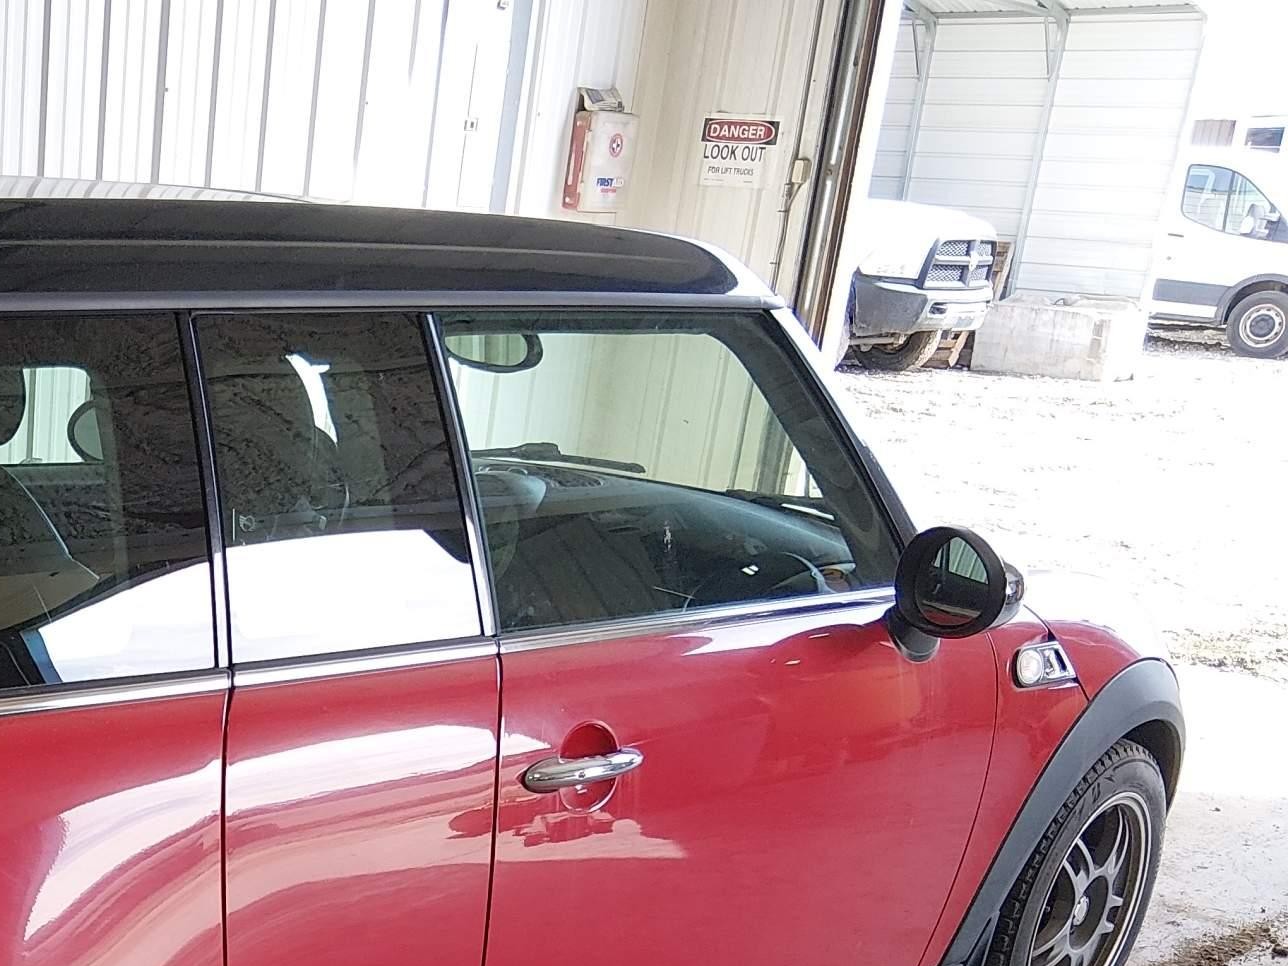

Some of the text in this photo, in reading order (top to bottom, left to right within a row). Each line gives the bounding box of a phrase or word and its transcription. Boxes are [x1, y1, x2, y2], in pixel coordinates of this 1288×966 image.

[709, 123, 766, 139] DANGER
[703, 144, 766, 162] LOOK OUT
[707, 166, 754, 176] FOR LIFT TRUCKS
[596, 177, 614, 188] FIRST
★ ★ ★ ★ ★
What is needed — Whatever pictures the entries contain, omit them, and write the rest out exactly.

Response to this exercise —
Some of the text in this photo, in reading order (top to bottom, left to right within a row). Each line gives the bounding box of a phrase or word and its transcription. Boxes are [x1, y1, x2, y2], in pixel coordinates of this 1288×966 image.

[709, 123, 766, 139] DANGER
[703, 144, 766, 162] LOOK OUT
[707, 166, 754, 176] FOR LIFT TRUCKS
[596, 177, 614, 188] FIRST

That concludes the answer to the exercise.